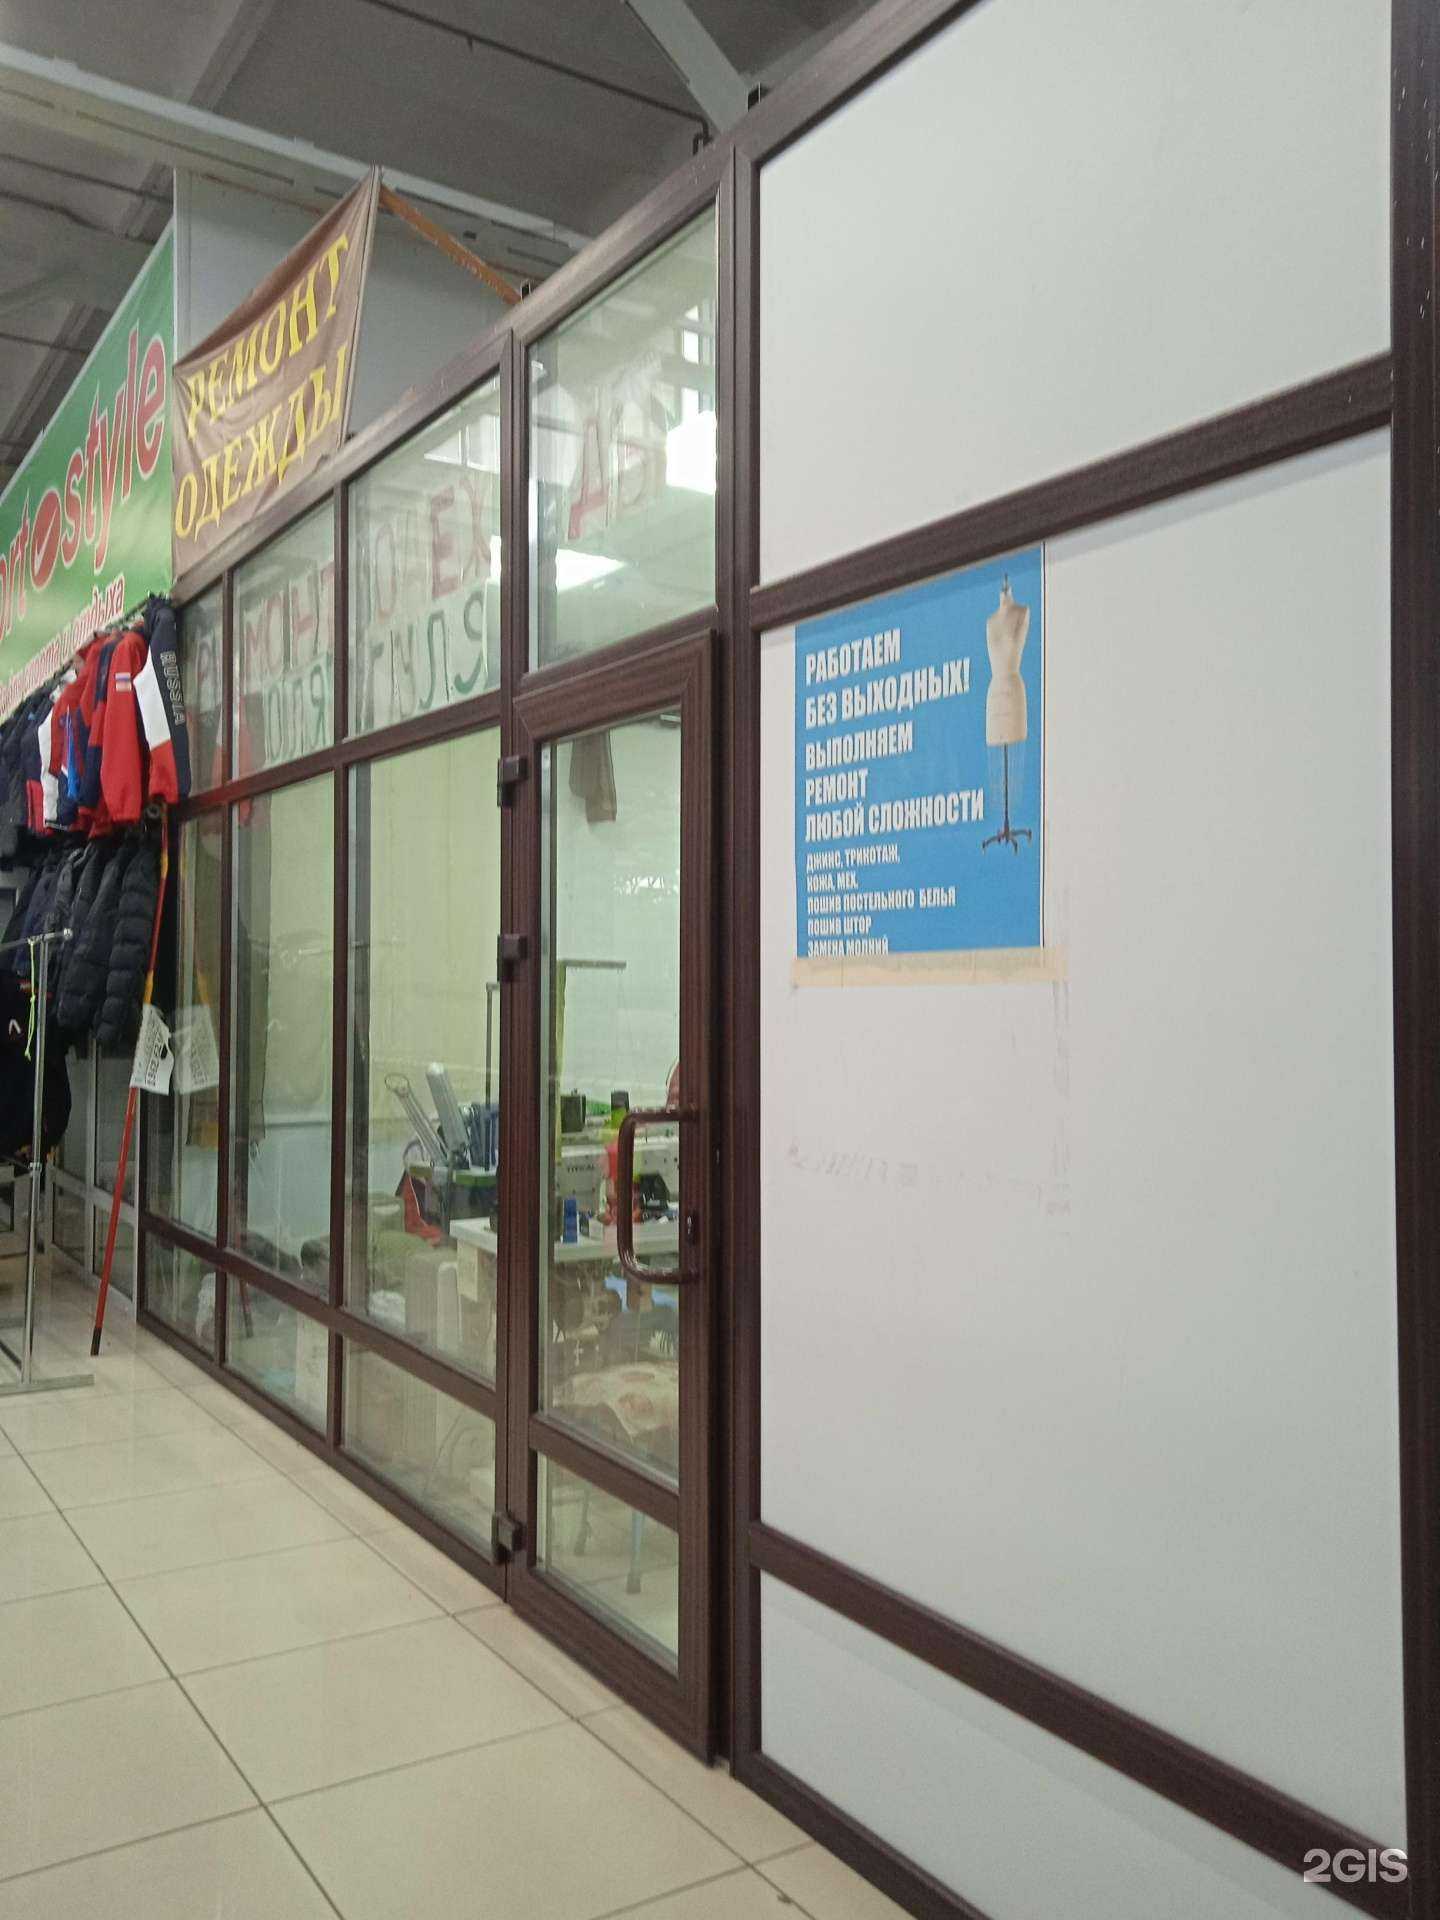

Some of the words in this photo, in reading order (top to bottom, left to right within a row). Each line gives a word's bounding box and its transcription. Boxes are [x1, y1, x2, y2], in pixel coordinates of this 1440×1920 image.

[187, 233, 349, 440] РЕМОНТ
[174, 344, 348, 542] ОДЕЖДЫ
[72, 571, 124, 651] отдыха
[805, 628, 901, 687] РАБОТАЕМ
[160, 651, 185, 726] RUSSIA
[805, 691, 837, 730] БЕЗ
[841, 657, 971, 721] ВЫХОДНЫХ!
[805, 720, 913, 771] ВЫПОЛНЯЕМ
[805, 767, 868, 807] РЕМОНТ
[805, 801, 865, 843] ЛЮБОЙ
[868, 787, 984, 835] СЛОЖНОСТИ
[807, 894, 842, 915] ПОШИВ
[844, 887, 915, 913] ПОСТЕЛЬНОГО
[919, 885, 956, 909] БЕЛЬЯ
[807, 915, 842, 938] ПОШИВ
[843, 914, 872, 935] ШТОР
[807, 938, 845, 957] ЗАМЕНА
[846, 934, 889, 957] МОЛНИЙ
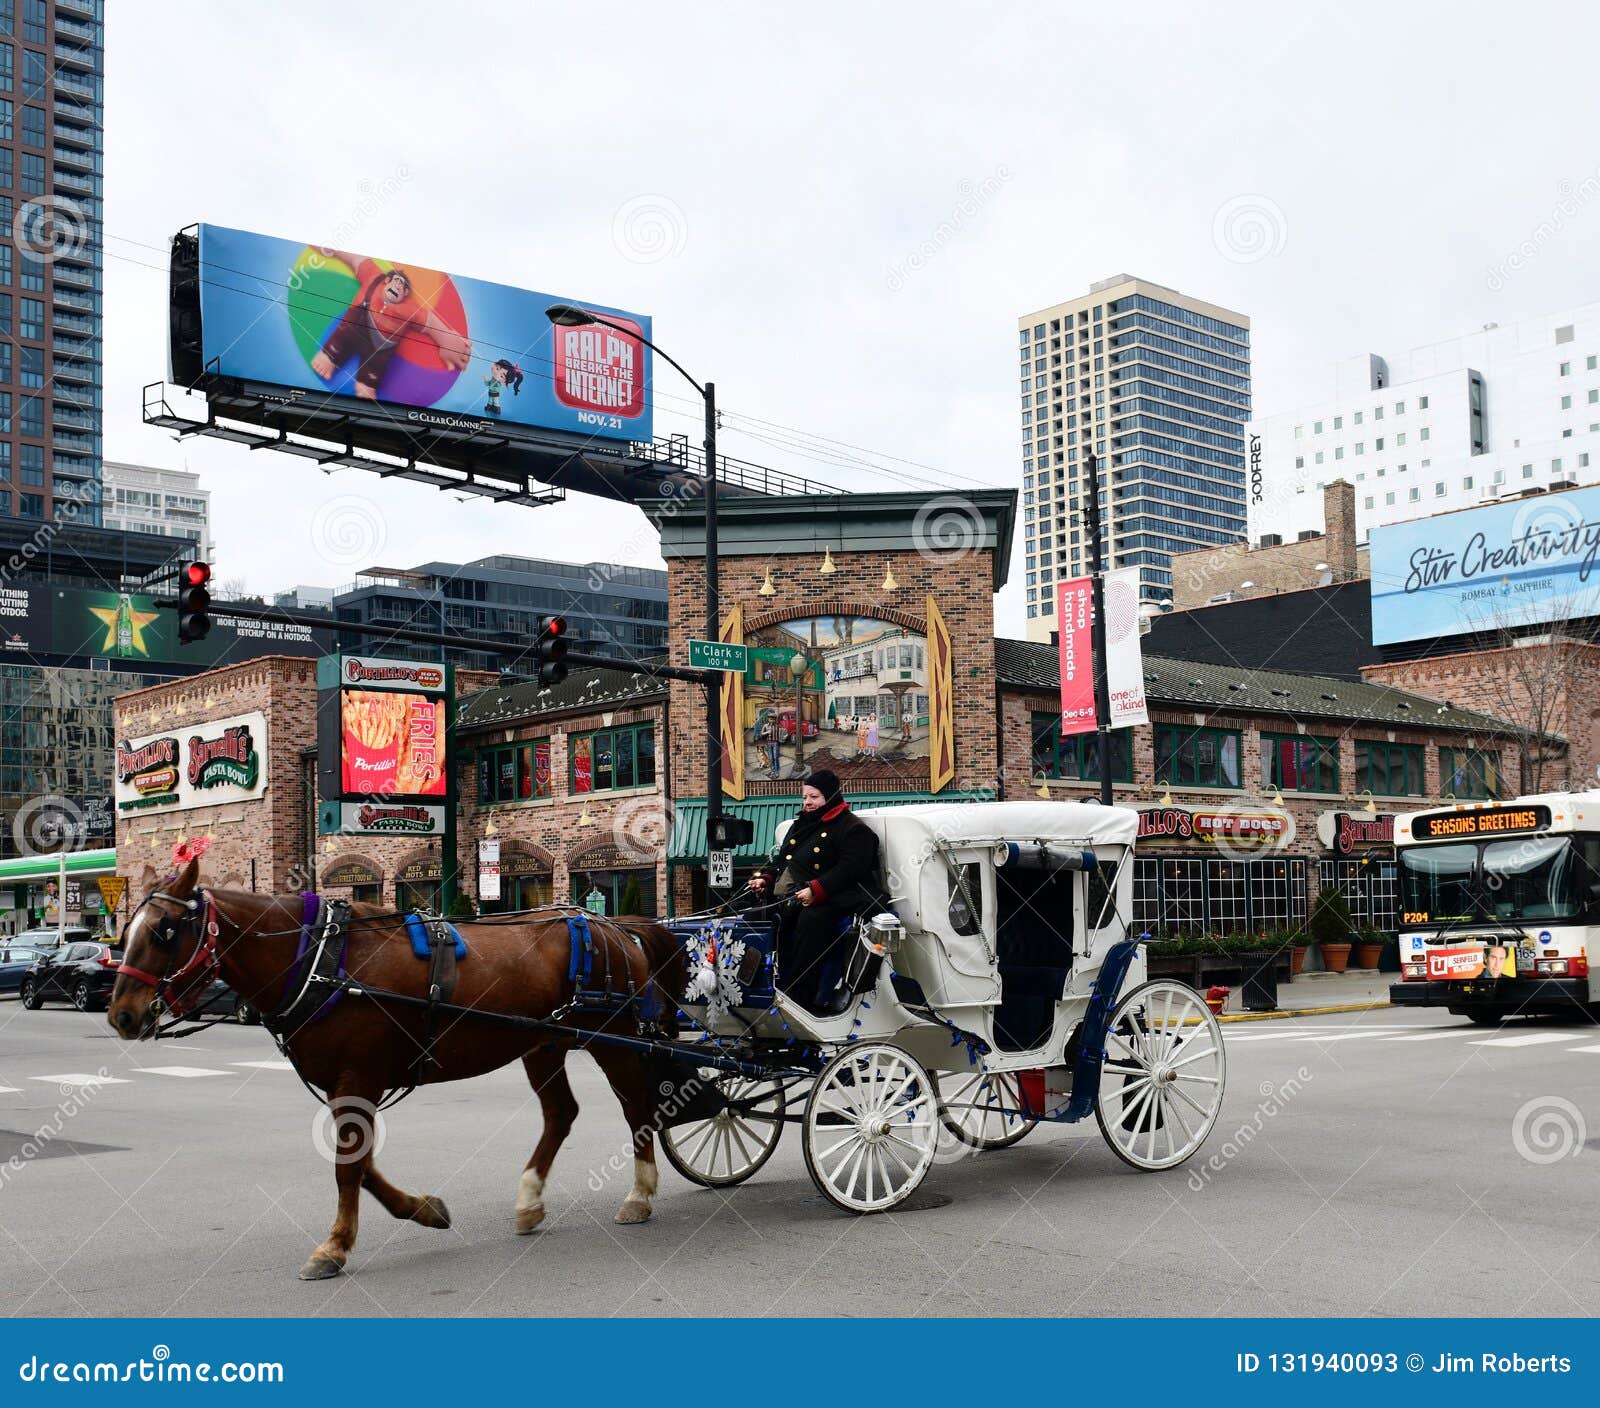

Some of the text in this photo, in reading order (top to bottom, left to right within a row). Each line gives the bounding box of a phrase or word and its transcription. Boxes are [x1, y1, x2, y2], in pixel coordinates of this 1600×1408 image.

[565, 331, 633, 369] RALPH
[566, 357, 633, 380] BREAKS THE
[565, 368, 633, 407] INTERNET
[578, 412, 622, 429] NOV. 21
[1404, 519, 1600, 594] Stir Creativity
[1461, 579, 1553, 602] BOMBAY SAPPHIRE
[1077, 588, 1088, 628] shop
[217, 618, 312, 634] MORE WOULD BE LIKE PUTTING
[237, 628, 265, 638] KETCHUP
[266, 630, 277, 638] ON
[278, 631, 283, 639] A
[1065, 591, 1076, 681] handmade
[695, 645, 742, 659] N Clark St
[708, 658, 720, 666] 100
[1063, 710, 1078, 718] Dec
[410, 701, 435, 780] FRIES
[135, 776, 149, 786] HOT
[204, 765, 249, 785] PASTA BOWL
[379, 818, 429, 831] PASTA BOWL
[1200, 817, 1282, 830] HOT DOGS
[1430, 811, 1536, 836] SEASONS GREETINGS
[712, 853, 729, 863] ONE
[712, 863, 730, 872] WAY
[67, 892, 80, 903] $1
[1403, 912, 1428, 923] P204
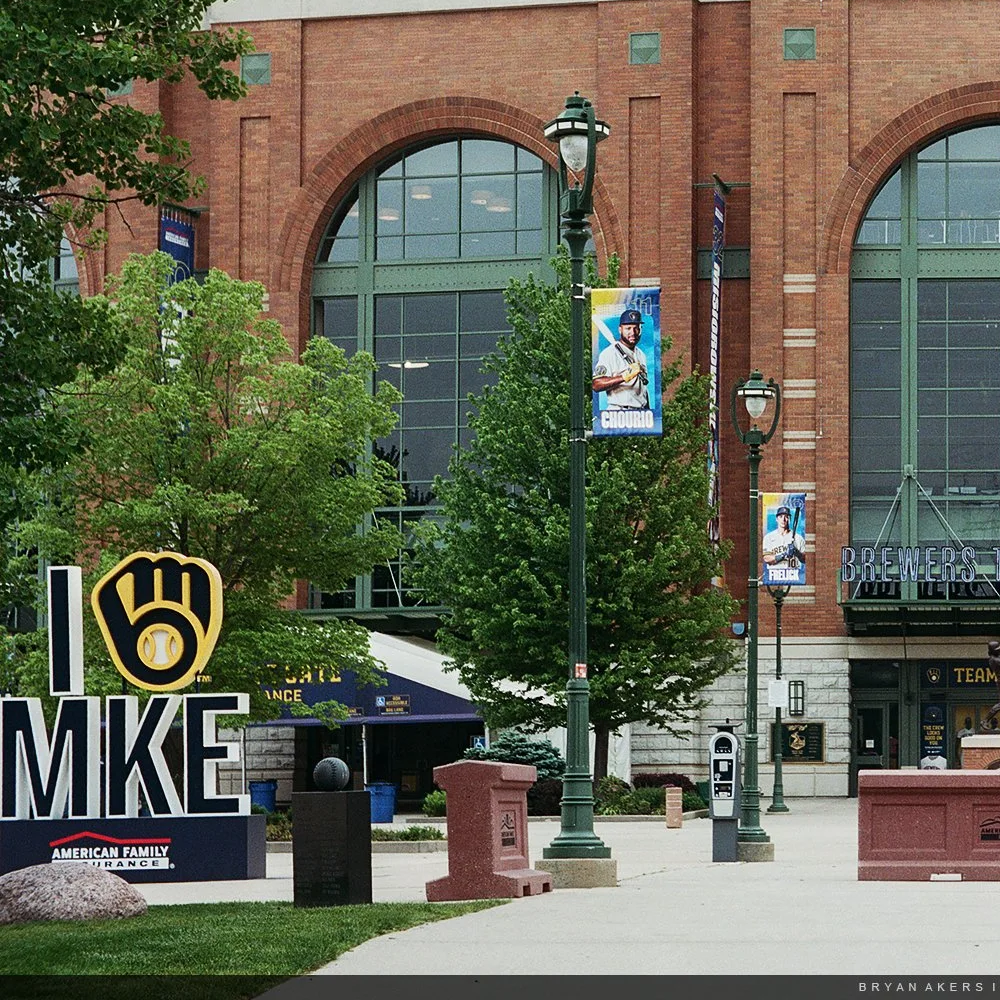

◆ Assignment ◆
Please return all of the material above exactly, minus any pictures.

◆ Answer area ◆
Some of the words in this photo, in reading order (top to bottom, left to right within a row). Each line gives a word's bounding box and its transcription. Boxes are [x1, y1, x2, y2], in pixel coordinates of this 1440×1920 image.

[187, 233, 349, 440] РЕМОНТ
[174, 344, 348, 542] ОДЕЖДЫ
[72, 571, 124, 651] отдыха
[805, 628, 901, 687] РАБОТАЕМ
[160, 651, 185, 726] RUSSIA
[805, 691, 837, 730] БЕЗ
[841, 657, 971, 721] ВЫХОДНЫХ!
[805, 720, 913, 771] ВЫПОЛНЯЕМ
[805, 767, 868, 807] РЕМОНТ
[805, 801, 865, 843] ЛЮБОЙ
[868, 787, 984, 835] СЛОЖНОСТИ
[807, 894, 842, 915] ПОШИВ
[844, 887, 915, 913] ПОСТЕЛЬНОГО
[919, 885, 956, 909] БЕЛЬЯ
[807, 915, 842, 938] ПОШИВ
[843, 914, 872, 935] ШТОР
[807, 938, 845, 957] ЗАМЕНА
[846, 934, 889, 957] МОЛНИЙ

Some of the text in this photo, in reading order (top to bottom, left to right within a row). Each line gives the bounding box of a phrase or word and its transcription. Boxes are [x1, y1, x2, y2], in pixel coordinates of this 1600×1408 image.

[565, 331, 633, 369] RALPH
[566, 357, 633, 380] BREAKS THE
[565, 368, 633, 407] INTERNET
[578, 412, 622, 429] NOV. 21
[1404, 519, 1600, 594] Stir Creativity
[1461, 579, 1553, 602] BOMBAY SAPPHIRE
[1077, 588, 1088, 628] shop
[217, 618, 312, 634] MORE WOULD BE LIKE PUTTING
[237, 628, 265, 638] KETCHUP
[266, 630, 277, 638] ON
[278, 631, 283, 639] A
[1065, 591, 1076, 681] handmade
[695, 645, 742, 659] N Clark St
[708, 658, 720, 666] 100
[1063, 710, 1078, 718] Dec
[410, 701, 435, 780] FRIES
[135, 776, 149, 786] HOT
[204, 765, 249, 785] PASTA BOWL
[379, 818, 429, 831] PASTA BOWL
[1200, 817, 1282, 830] HOT DOGS
[1430, 811, 1536, 836] SEASONS GREETINGS
[712, 853, 729, 863] ONE
[712, 863, 730, 872] WAY
[67, 892, 80, 903] $1
[1403, 912, 1428, 923] P204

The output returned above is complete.